Gastric bypass surgery in February 2006 changed her life "in many directions," the 46-year-old woman said recently.
She is taking her mother to New York this month and plans to go on a 3.1-mile Thanksgiving Turkey Trot with her husband and family members in Portland, Ore.
"They might be able to trot, but I'm walking," she laughed. "But it's better than rolling."
Garson weighed 500 pounds when Dr. Kenric Murayama, program director and chief surgeon for the Queen's Comprehensive Weight Management Program, performed the minimally invasive gastric bypass.
She said she had been in a wheelchair for about three years and was on continuous oxygen.
"I had a lot of health problems associated with morbid obesity," she said, including insulin-dependent diabetes, sleep apnea, esophageal reflux and a heart attack over three years before 2006.
Garson, 5 feet 8 inches tall, said she gained most of her weight between 2004 and 2006 because of eating habits, a sedentary lifestyle and inability to sleep at night. "The heavier I got, the more I didn't sleep and the more weight I gained.
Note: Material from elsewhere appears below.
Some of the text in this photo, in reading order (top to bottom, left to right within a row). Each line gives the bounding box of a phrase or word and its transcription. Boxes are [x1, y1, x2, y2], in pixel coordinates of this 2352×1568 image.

It's a vicious cycle, and there's depression in there, feeling like I can't lose this so why bother."
She did research on the gastric bypass procedure for four or five years, she said. "I decided it was drastic, but at the point I was at, I needed drastic." She was enjoying life, she said, "but it was watching instead of doing."
Garson said her husband, Wally, was supportive, and her employer, the Queen's Medical Center, made accommodations allowing her to continue working.
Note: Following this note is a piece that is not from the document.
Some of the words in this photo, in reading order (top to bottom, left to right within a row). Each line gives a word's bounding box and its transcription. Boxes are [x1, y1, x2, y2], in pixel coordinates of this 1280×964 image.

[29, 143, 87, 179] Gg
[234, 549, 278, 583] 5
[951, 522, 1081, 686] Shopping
Unable to walk around as a staff nurse in the cardiac intensive care unit, she transferred to the education department in the intensive care unit, training other nurses.
With her weight reduced to about 268 and dropping, she's excited about returning to the ICU as a staff nurse. "It means I can be active enough to be out there."
Her goal is 211 pounds: "I walk, I swim, I do things I haven't been able to do for years."
She's out of the wheelchair, off oxygen and insulin, she said. "I'm a nurse and I hardly believe it myself. Two days after surgery, I was off insulin and haven't been back on it."
She takes some medicine for diabetes and blood pressure, and all gastric bypass patients have to take multivitamins and calcium, she said. "But I went from 27 prescriptions a day to fewer than 10. It's way incredible."
Garson is thrilled to be able to buy clothes that fit without having to mail-order them, but says the surgery "isn't about looking good." It's about things people take for granted, she said.
"For me it was about mobility, being able to work and reducing health risks. But it is not a magic thing. It is hard work. You have to lose weight before surgery to prove you are committed."
Garson said she has two brothers and comes from a family of marathon and ultramarathon runners. "My mom is very fit and trim," she said. "I'm not fit and trim but I'm better."
Her mother and brothers will join her and her husband for the Thanksgiving Turkey Trot, she said. "This is like a celebration trip for all of us."